PROVIDED MATERIAL

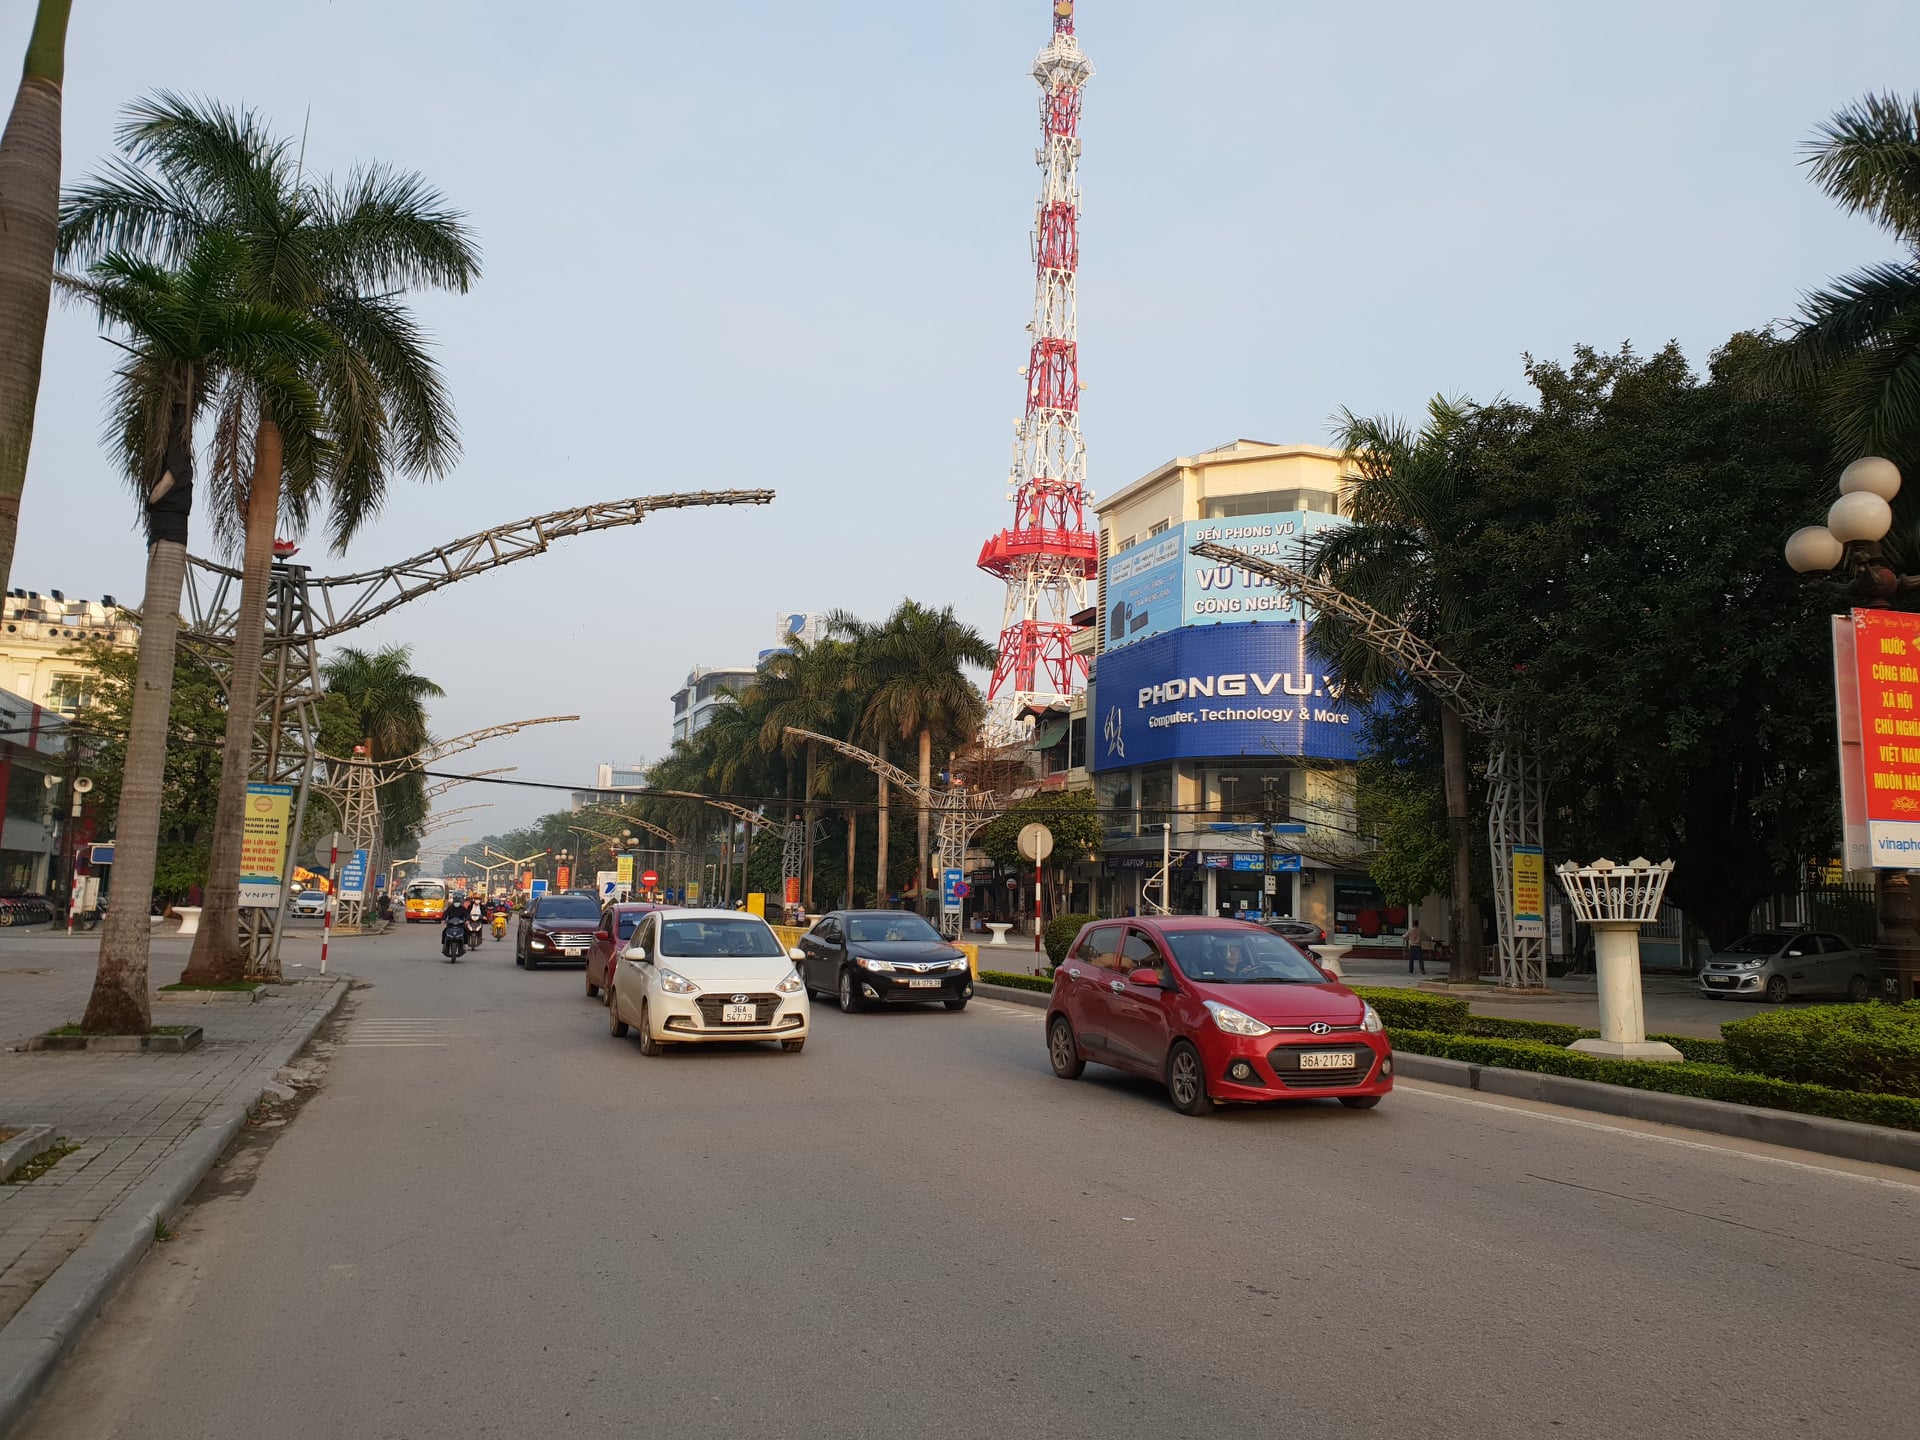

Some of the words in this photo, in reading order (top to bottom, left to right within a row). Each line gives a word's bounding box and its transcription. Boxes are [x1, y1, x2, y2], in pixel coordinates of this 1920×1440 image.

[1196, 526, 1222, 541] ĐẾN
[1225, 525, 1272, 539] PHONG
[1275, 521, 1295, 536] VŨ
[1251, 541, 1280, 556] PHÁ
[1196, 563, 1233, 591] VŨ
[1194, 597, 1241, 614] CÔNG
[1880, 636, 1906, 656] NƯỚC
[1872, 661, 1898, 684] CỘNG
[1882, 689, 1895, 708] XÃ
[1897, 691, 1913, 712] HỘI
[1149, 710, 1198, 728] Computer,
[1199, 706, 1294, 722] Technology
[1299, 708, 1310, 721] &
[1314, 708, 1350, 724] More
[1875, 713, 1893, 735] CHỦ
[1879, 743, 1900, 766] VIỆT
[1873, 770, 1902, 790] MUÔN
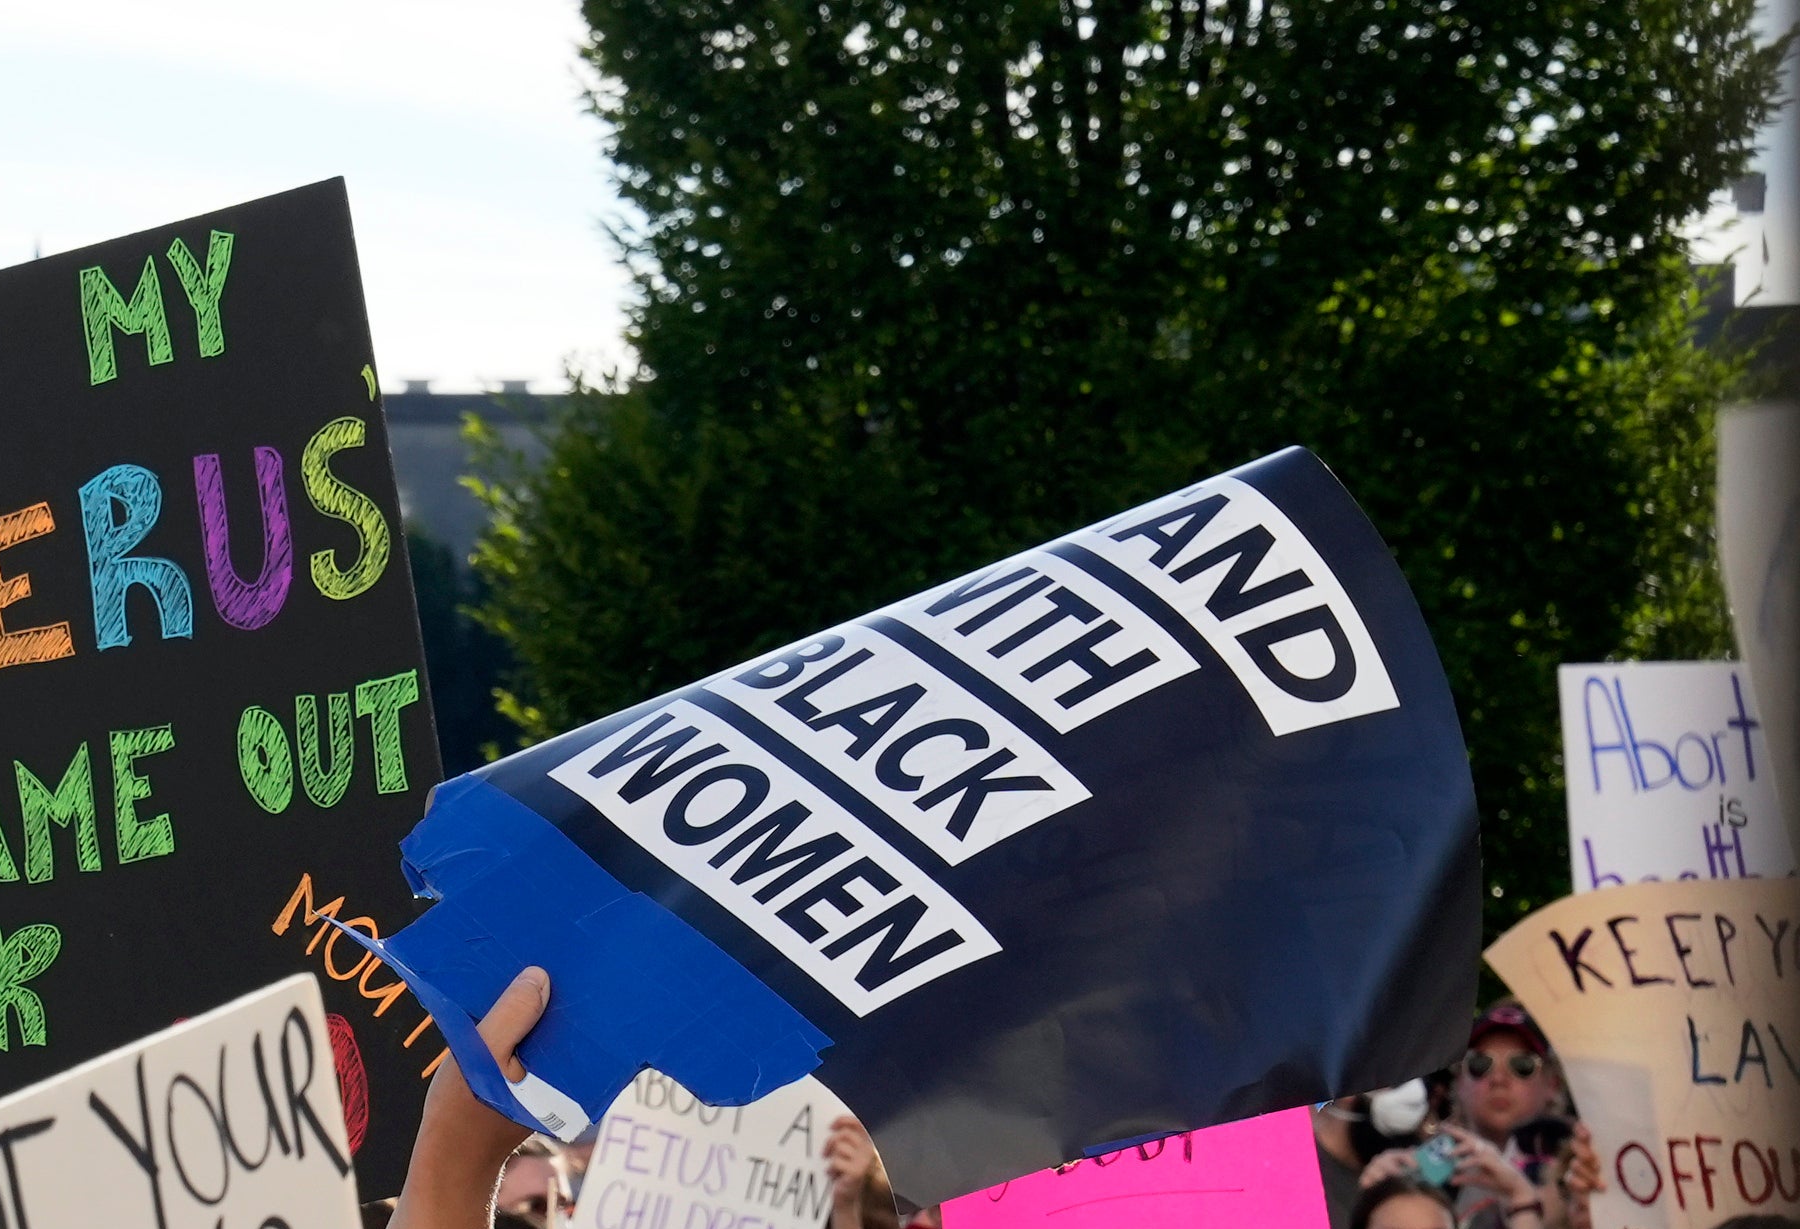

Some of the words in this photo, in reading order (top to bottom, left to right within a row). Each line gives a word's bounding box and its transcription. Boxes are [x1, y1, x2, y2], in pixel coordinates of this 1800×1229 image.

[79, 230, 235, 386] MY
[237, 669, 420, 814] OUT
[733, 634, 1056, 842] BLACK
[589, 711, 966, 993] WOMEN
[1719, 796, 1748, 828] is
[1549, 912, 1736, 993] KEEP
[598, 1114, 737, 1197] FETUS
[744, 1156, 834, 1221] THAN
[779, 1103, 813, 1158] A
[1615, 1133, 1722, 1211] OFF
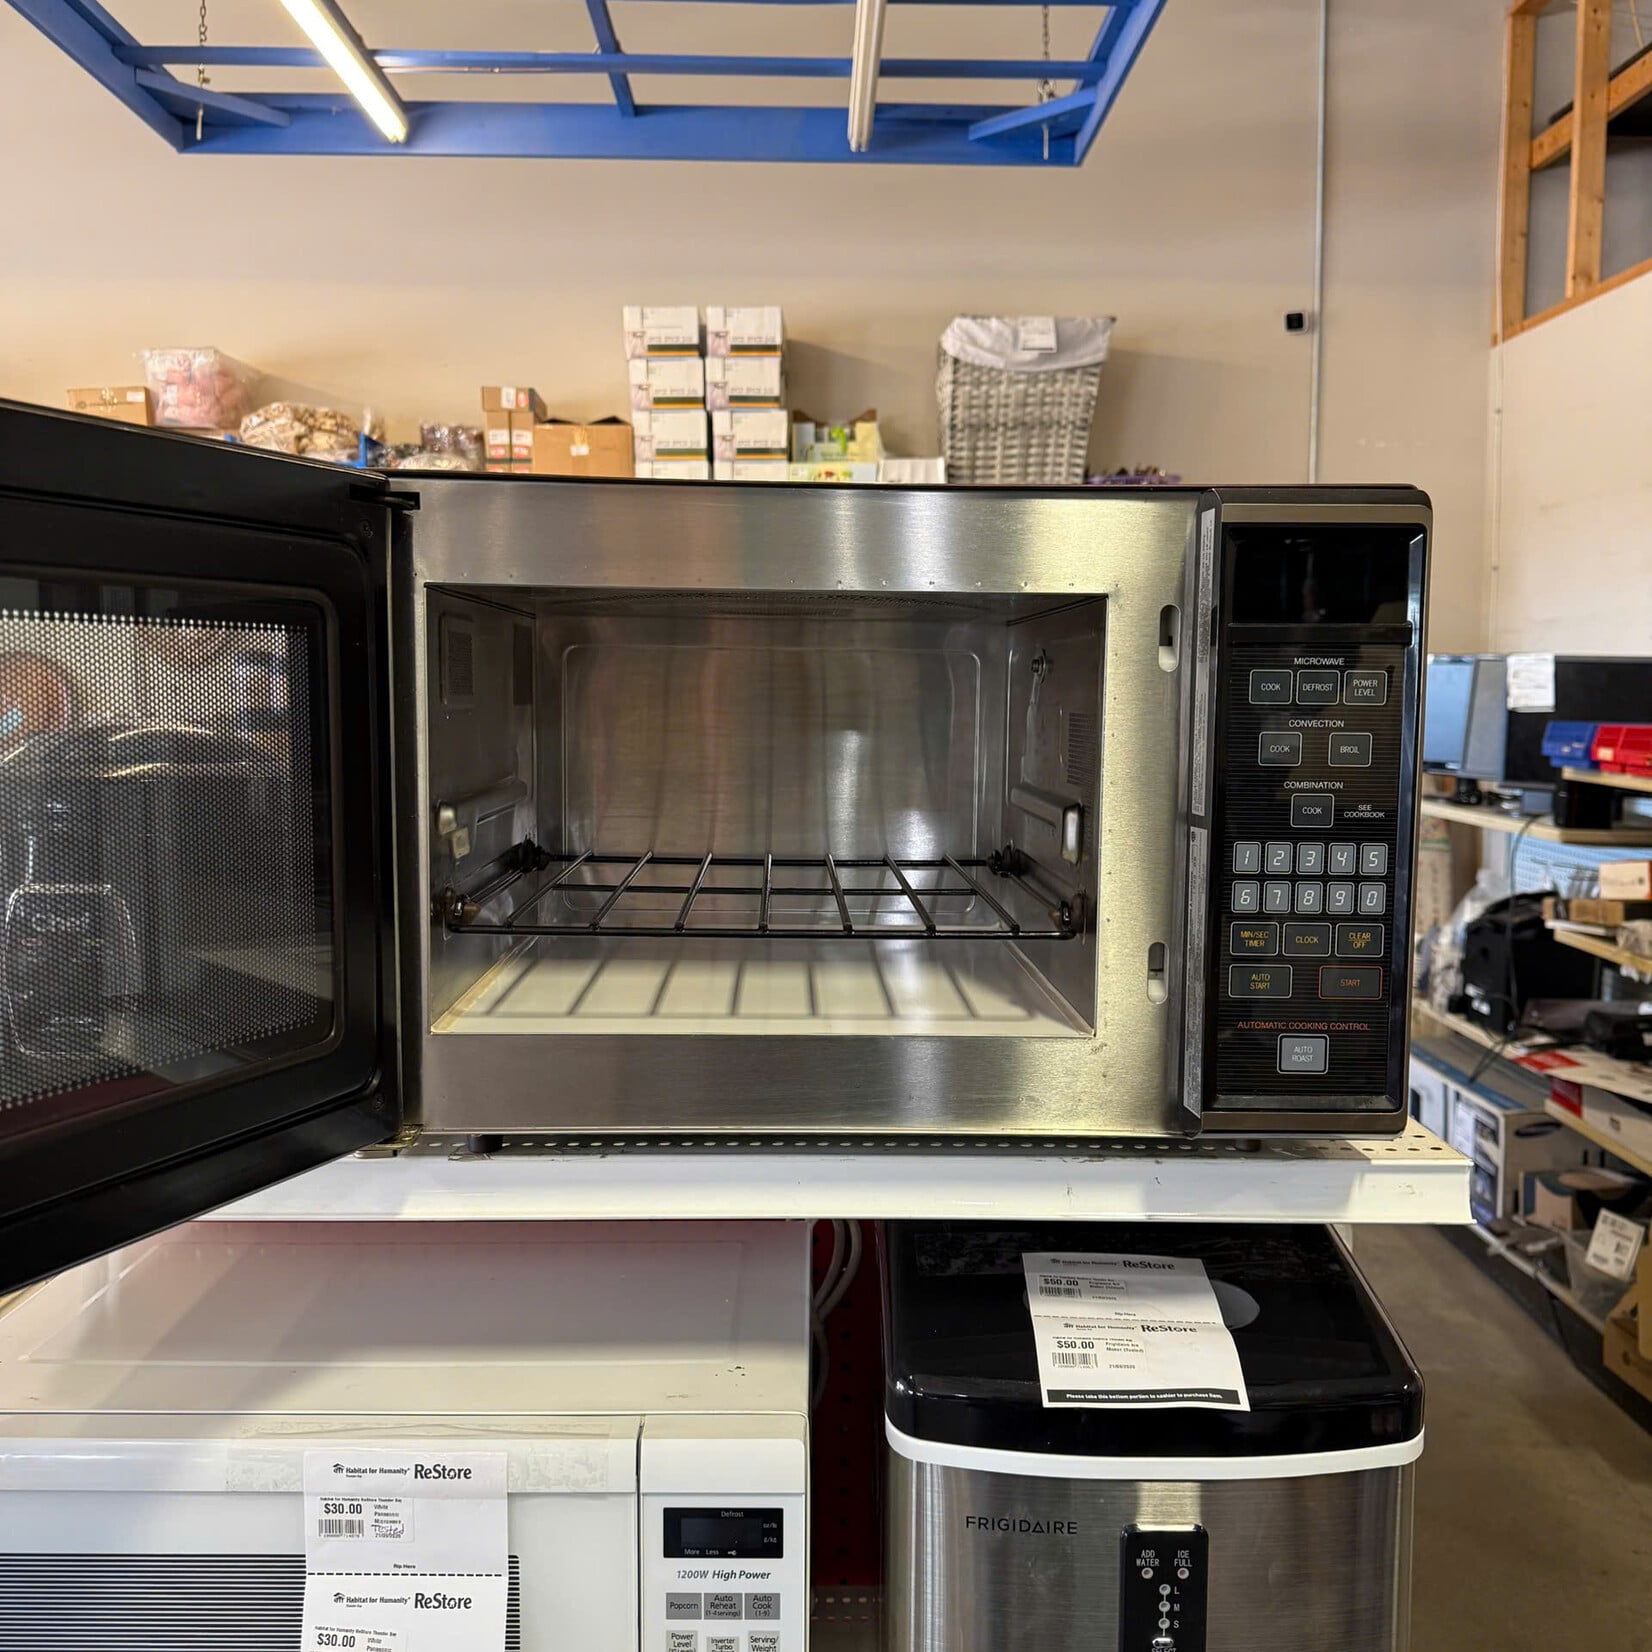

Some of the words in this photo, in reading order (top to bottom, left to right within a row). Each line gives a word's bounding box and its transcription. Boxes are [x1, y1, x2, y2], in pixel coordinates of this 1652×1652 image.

YOUR INSTRUCTIONS
Images stay out, but the rest of the records must be retyped exactly.

REPLY
Some of the words in this photo, in reading order (top to bottom, left to right within a row). Each line gives a word's bounding box and its transcription. Boxes are [x1, y1, x2, y2], in pixel coordinates of this 1920×1440 image.

[1196, 526, 1222, 541] ĐẾN
[1225, 525, 1272, 539] PHONG
[1275, 521, 1295, 536] VŨ
[1251, 541, 1280, 556] PHÁ
[1196, 563, 1233, 591] VŨ
[1194, 597, 1241, 614] CÔNG
[1880, 636, 1906, 656] NƯỚC
[1872, 661, 1898, 684] CỘNG
[1882, 689, 1895, 708] XÃ
[1897, 691, 1913, 712] HỘI
[1149, 710, 1198, 728] Computer,
[1199, 706, 1294, 722] Technology
[1299, 708, 1310, 721] &
[1314, 708, 1350, 724] More
[1875, 713, 1893, 735] CHỦ
[1879, 743, 1900, 766] VIỆT
[1873, 770, 1902, 790] MUÔN

Some of the words in this photo, in reading order (top to bottom, left to right within a row). Each line gives a word's bounding box and its transcription. Boxes are [x1, y1, x2, y2], in pixel coordinates of this 1800×1229 image.

[79, 230, 235, 386] MY
[237, 669, 420, 814] OUT
[733, 634, 1056, 842] BLACK
[589, 711, 966, 993] WOMEN
[1719, 796, 1748, 828] is
[1549, 912, 1736, 993] KEEP
[598, 1114, 737, 1197] FETUS
[744, 1156, 834, 1221] THAN
[779, 1103, 813, 1158] A
[1615, 1133, 1722, 1211] OFF

Some of the words in this photo, in reading order (top to bottom, left to right within a row). Each line gives a word's bounding box and its transcription. Boxes are [x1, y1, x2, y2], in pixel coordinates of this 1652×1652 image.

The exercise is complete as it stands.